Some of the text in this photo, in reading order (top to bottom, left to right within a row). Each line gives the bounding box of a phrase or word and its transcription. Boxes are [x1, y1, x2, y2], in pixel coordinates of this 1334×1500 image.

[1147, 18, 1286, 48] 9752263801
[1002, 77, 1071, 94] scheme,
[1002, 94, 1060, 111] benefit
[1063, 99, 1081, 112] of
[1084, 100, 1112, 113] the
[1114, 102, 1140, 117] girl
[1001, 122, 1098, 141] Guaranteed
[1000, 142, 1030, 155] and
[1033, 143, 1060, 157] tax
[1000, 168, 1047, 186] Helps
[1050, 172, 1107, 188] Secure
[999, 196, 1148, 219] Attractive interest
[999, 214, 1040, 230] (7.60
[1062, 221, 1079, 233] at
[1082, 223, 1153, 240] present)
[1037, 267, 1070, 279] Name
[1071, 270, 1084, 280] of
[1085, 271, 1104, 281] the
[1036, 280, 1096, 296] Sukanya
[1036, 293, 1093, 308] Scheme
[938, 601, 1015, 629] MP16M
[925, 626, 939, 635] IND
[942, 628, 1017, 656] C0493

-=-=-=-=-

What the task requires: Output the material above in full. Change nothing.

Result of this task:
Some of the text in this photo, in reading order (top to bottom, left to right within a row). Each line gives the bounding box of a phrase or word and its transcription. Boxes are [x1, y1, x2, y2], in pixel coordinates of this 1334×1500 image.

[1147, 18, 1286, 48] 9752263801
[1002, 77, 1071, 94] scheme,
[1002, 94, 1060, 111] benefit
[1063, 99, 1081, 112] of
[1084, 100, 1112, 113] the
[1114, 102, 1140, 117] girl
[1001, 122, 1098, 141] Guaranteed
[1000, 142, 1030, 155] and
[1033, 143, 1060, 157] tax
[1000, 168, 1047, 186] Helps
[1050, 172, 1107, 188] Secure
[999, 196, 1148, 219] Attractive interest
[999, 214, 1040, 230] (7.60
[1062, 221, 1079, 233] at
[1082, 223, 1153, 240] present)
[1037, 267, 1070, 279] Name
[1071, 270, 1084, 280] of
[1085, 271, 1104, 281] the
[1036, 280, 1096, 296] Sukanya
[1036, 293, 1093, 308] Scheme
[938, 601, 1015, 629] MP16M
[925, 626, 939, 635] IND
[942, 628, 1017, 656] C0493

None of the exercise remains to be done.